Group: soc.culture.haiti · Group Profile
Author: annick.regnauld
Date: Apr 23, 2008 09:09

On 23 abr, 13:39, Annette wrote:
> Copie d'un message reçu :
> -------------------------------------
>
> AIMÉ CÉSAIRE, ADIEU AU NÈGRE MAJUSCULE
>
> Je pleure Aimé Césaire aujourd'hui. C'est l'heure où j'ai autant envie
> de garder le silence car tout ne peut être dit de ce qui n'est pas
> chanté dans le chant. Je pleure Aimé Césaire aujourd'hui… J'entends
> les démons vibrant de mort qui versent la mort sur l'homme. J'entends
> le vent d'îles, «la brise de mer est sur les cayes», la caye de
> Martinique qu'il a tant aimée et parcourue au gré des chemins-chiens.

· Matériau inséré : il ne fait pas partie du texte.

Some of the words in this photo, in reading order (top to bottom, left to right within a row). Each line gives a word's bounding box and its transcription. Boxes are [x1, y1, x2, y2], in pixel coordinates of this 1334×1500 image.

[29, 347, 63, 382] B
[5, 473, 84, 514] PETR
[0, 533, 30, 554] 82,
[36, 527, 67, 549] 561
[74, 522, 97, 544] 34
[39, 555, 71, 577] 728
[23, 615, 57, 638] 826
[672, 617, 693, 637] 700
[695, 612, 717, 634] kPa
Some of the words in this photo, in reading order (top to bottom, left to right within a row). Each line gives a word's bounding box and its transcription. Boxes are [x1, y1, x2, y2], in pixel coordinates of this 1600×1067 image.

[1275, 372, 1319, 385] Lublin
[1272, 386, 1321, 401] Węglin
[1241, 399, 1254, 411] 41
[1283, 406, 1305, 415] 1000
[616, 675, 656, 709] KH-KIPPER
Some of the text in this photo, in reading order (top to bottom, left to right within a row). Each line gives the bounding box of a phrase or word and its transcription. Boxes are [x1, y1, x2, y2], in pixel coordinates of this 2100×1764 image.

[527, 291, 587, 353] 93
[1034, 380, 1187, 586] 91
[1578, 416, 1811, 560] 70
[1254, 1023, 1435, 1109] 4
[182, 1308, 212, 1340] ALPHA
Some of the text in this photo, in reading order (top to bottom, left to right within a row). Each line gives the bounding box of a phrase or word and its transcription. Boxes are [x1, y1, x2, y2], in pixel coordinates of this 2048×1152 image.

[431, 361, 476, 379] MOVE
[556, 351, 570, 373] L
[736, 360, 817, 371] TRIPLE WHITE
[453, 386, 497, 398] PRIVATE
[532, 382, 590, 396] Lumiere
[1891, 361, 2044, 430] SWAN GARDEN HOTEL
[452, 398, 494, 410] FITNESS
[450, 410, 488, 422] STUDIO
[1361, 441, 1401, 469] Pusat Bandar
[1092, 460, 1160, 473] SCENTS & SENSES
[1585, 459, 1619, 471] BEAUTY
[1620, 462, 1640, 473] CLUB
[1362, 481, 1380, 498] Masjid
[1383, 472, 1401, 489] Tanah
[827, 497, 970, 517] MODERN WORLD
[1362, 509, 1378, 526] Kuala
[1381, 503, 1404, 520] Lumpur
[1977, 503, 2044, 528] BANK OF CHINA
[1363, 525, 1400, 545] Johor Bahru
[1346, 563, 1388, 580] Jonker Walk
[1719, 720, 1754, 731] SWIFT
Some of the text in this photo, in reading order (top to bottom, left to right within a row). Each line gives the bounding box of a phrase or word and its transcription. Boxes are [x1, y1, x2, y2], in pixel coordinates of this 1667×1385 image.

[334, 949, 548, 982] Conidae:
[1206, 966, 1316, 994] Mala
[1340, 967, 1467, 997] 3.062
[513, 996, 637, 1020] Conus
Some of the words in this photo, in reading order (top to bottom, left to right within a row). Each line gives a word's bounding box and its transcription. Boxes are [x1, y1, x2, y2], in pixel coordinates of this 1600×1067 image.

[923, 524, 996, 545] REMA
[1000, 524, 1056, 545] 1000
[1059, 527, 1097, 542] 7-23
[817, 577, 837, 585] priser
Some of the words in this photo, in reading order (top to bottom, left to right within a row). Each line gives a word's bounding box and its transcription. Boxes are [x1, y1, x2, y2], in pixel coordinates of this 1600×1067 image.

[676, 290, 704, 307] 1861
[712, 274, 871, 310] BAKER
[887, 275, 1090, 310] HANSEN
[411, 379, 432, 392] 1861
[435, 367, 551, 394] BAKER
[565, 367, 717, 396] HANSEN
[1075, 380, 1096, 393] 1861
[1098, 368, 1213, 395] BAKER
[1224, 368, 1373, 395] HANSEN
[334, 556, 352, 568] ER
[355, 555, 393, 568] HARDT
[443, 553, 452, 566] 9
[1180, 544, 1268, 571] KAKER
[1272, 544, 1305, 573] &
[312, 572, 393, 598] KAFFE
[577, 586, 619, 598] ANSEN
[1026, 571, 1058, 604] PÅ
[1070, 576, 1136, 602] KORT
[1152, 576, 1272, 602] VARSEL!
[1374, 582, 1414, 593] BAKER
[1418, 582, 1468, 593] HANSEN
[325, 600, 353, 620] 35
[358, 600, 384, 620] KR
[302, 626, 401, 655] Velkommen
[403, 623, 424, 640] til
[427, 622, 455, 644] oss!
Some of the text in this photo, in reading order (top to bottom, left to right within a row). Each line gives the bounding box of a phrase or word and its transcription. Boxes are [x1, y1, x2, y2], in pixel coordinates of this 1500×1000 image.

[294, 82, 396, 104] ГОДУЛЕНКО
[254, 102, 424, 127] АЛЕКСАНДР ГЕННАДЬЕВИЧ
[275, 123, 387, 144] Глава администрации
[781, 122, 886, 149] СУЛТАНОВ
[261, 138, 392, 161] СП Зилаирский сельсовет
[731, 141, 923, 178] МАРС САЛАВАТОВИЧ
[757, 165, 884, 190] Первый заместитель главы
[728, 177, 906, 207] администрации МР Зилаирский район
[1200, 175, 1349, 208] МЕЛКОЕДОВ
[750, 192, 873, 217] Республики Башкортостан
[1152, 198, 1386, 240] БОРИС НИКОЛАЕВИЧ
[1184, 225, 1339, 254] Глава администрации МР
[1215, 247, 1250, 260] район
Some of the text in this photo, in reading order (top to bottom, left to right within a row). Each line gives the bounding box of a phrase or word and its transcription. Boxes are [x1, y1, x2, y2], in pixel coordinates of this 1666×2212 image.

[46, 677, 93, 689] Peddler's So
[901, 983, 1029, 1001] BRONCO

> Car la vie et la mort du poète agrandissent son île à la démesure de
> l'univers.
>
> Ce qui me rend son île encore plus proche, c'est la lutte que mène son
> peuple pour la survie en un étrange combat, subtil et raisonné selon
> moi, en « pays dominé », au moyen des « armes miraculeuses » qu'a
> fondues le poète. Et j'ai nécessité de dire combien nous chérissons la
> valeureuse Martinique dont beaucoup d'Haïtiens sont originaires y
> compris le plus sanglant de nos dictateurs. Et j'ai besoin de chanter
> qu'elle a fait don à notre histoire de tant de héros venus combattre à
> Saint-Domingue, à Savannah, au Vénézuéla pour la liberté. Et j'ai
> matière à louanger le président Lysius Félicité Salomon qui fit venir
> en Haïti, à la fin du 19ème siècle, plus de 1500 professeurs de la
> Martinique avec leurs familles, dans le cadre de la politique de
> modernisation de l'éducation. Et j'ai honneur respect à trouver un
> jour, par une ironie de l'Histoire, la tombe de mon aïeul enterré au
> cimetière de Fort-de-France. Et l'autre encore, républicain fuyant Les
> Cayes (Saint-Domingue) en 1800, rejoignant la révolution en
> Guadeloupe, lieutenant de l'immortel Delgrès, pendu peu après par les
> Français.
>
> Qu'une si fragile caye, Eden au parfum de soufre, ait enfanté tant
> d'hommes illustres, c'est miracle par sa fragilité même : Frantz
> Fanon, Édouard Glissant, ceux de la créolité « à jamais fils de
> Césaire ». Écrivains, peintres, dramaturges, chorégraphes, musiciens,
> zoukeurs urbains et souffleurs de conques : tous l'honneur de la
> Caraïbe. Au peuple martiniquais, peuple d'artistes qui perd en Césaire
> le plus raide nègre de ses fils, nous présentons nos condoléances
> émues. Car il est des moments où le chagrin atteint la chair des
> peuples.
>
> S'il est vrai que toute la Caraïbe dans sa diversité reconnaît une
> dette historique envers Haïti, l'île-soeur a toujours répondu à nos
> signaux de détresse chaque fois que le malheur nous frappait, en dépit
> de la géopolitique inhérente au statut d'un pays minuscule mais grand
> dans mon cœur, dont les lois et règlements d'immigration sont fixés
> par le gouvernement français. En particulier en ces jours de famine en
> Haïti où les entrailles sortent des greniers vides pour crier…
>
> Je songe au mystère qui s'est trouvé, chaque fois qu'Aimé Césaire me
> recevait avec l'amour du père dans ses yeux, derrière les portes
> closes de son bureau à la nouvelle administration comme quelques
> années plus tard à l'ancienne mairie. Les portes les plus insondables
> demeurent celles des débuts et celle des fins dernières, quand se fait
> et se défait pour toujours le rituel de l'accueil. « Je ne savais pas
> que Saint-John Perse avait utilisé le mot vétiver dans son oeuvre.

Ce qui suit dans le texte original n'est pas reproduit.